What you need to do: Exact reproduction, images excluded: write out the records below.

Data entries:

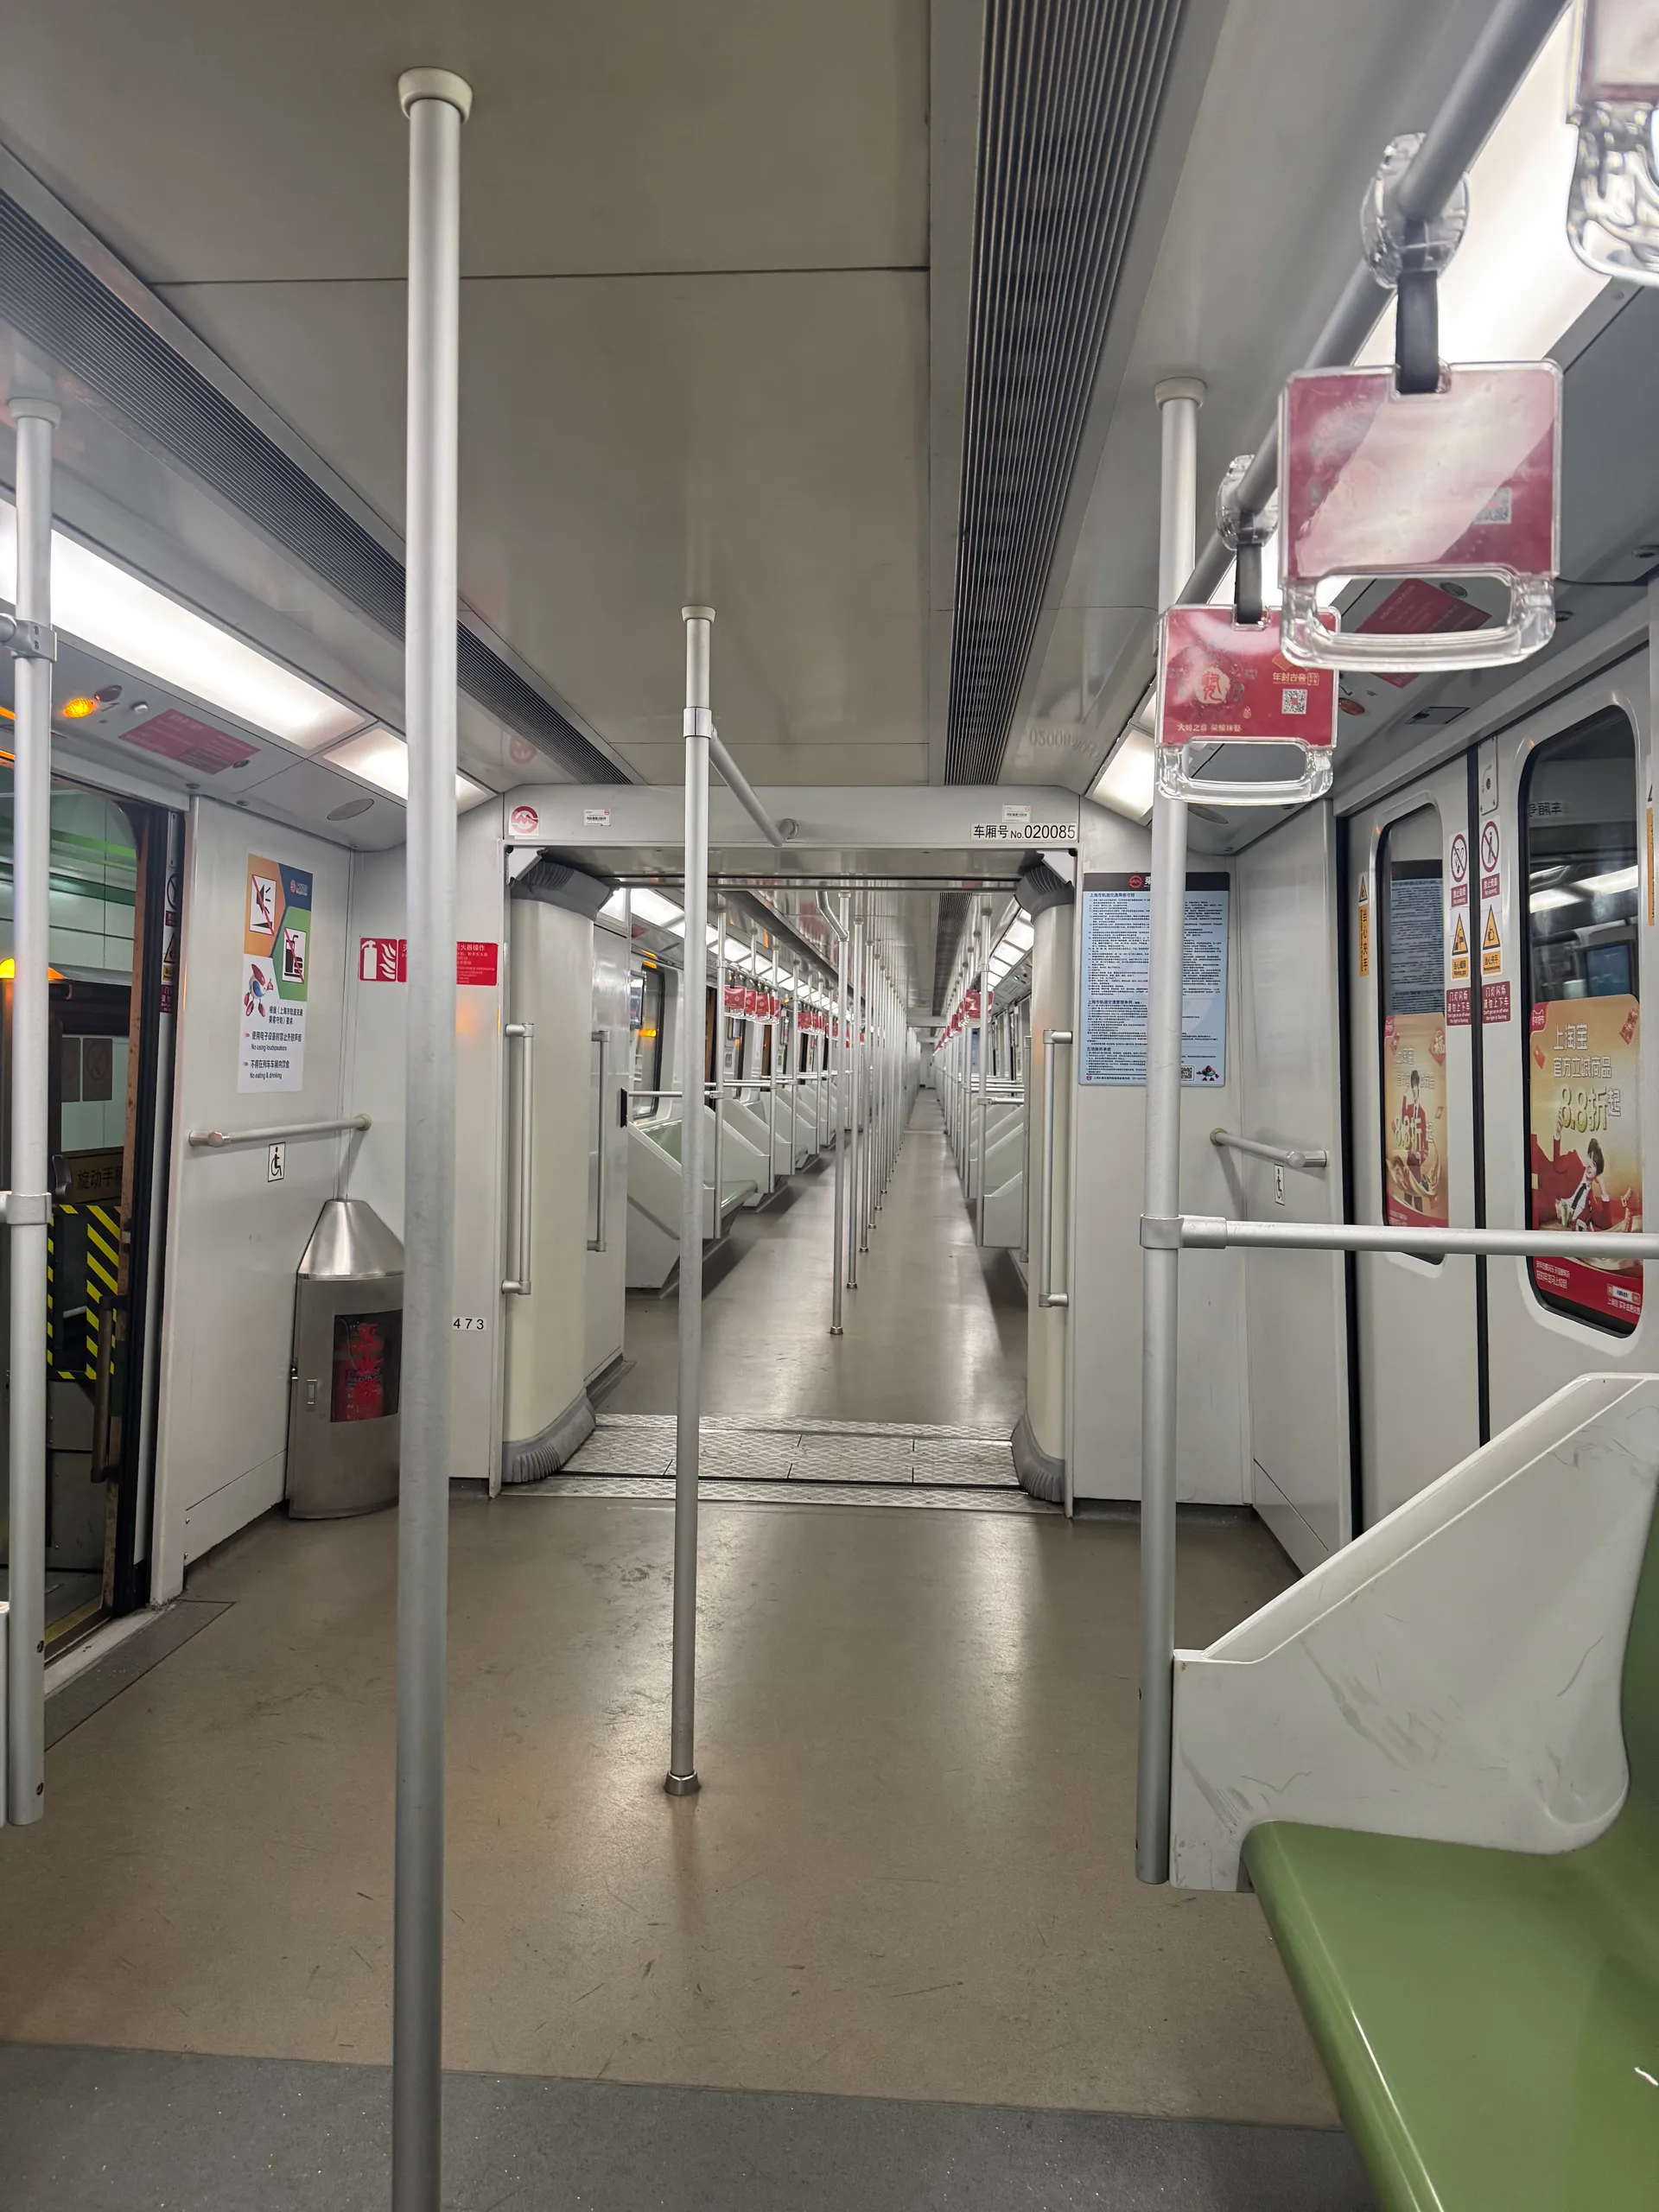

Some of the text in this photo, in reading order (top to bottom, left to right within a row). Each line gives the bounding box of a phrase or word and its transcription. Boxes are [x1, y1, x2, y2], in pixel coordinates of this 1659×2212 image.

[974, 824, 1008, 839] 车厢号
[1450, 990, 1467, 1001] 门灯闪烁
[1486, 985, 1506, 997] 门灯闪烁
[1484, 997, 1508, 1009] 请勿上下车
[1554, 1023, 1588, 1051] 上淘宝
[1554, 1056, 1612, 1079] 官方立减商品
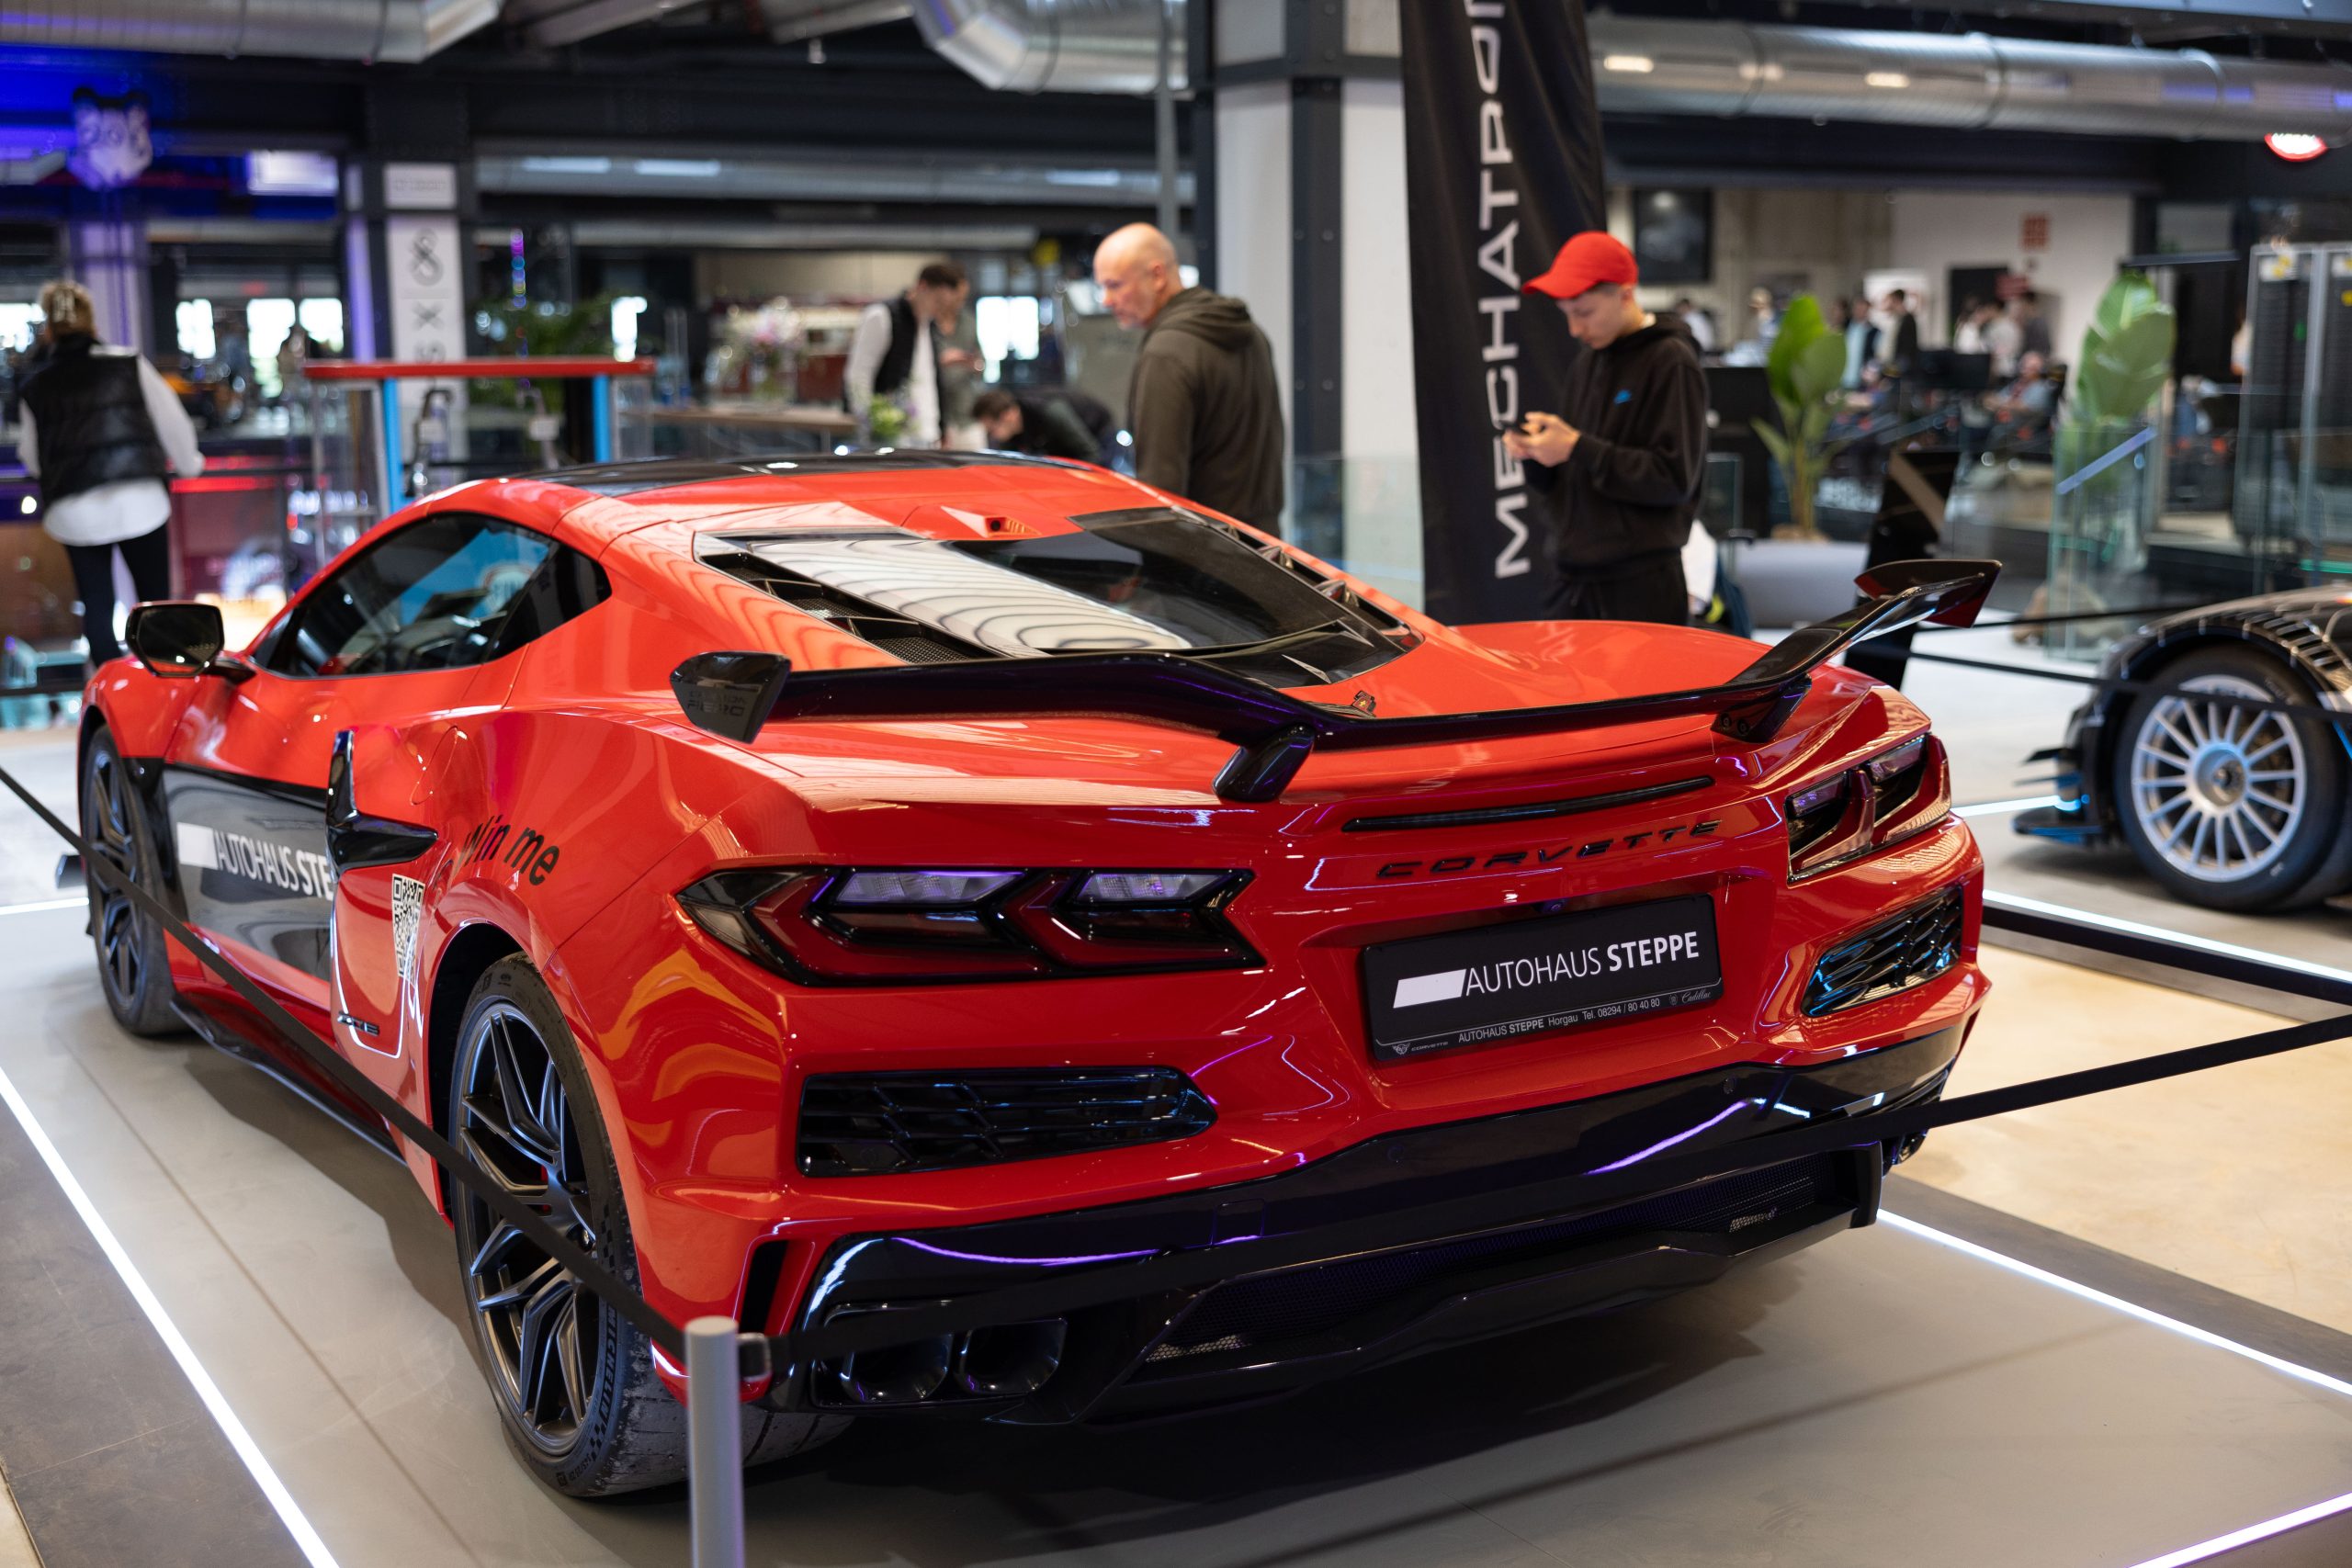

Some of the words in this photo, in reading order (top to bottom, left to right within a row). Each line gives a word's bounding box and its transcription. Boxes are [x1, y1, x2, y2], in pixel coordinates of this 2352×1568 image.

Exercise response:
Some of the text in this photo, in reading order (top to bottom, left to right within a row). Each line gives the bounding box of a phrase or word and its transcription. Boxes are [x1, y1, x2, y2], in pixel coordinates of this 1659×2212 image.

[974, 824, 1008, 839] 车厢号
[1450, 990, 1467, 1001] 门灯闪烁
[1486, 985, 1506, 997] 门灯闪烁
[1484, 997, 1508, 1009] 请勿上下车
[1554, 1023, 1588, 1051] 上淘宝
[1554, 1056, 1612, 1079] 官方立减商品

Some of the words in this photo, in reading order (top to bottom, left to right within a row). Each line gives a word's bounding box and its transcription. Boxes are [x1, y1, x2, y2], in pixel coordinates of this 2352×1568 image.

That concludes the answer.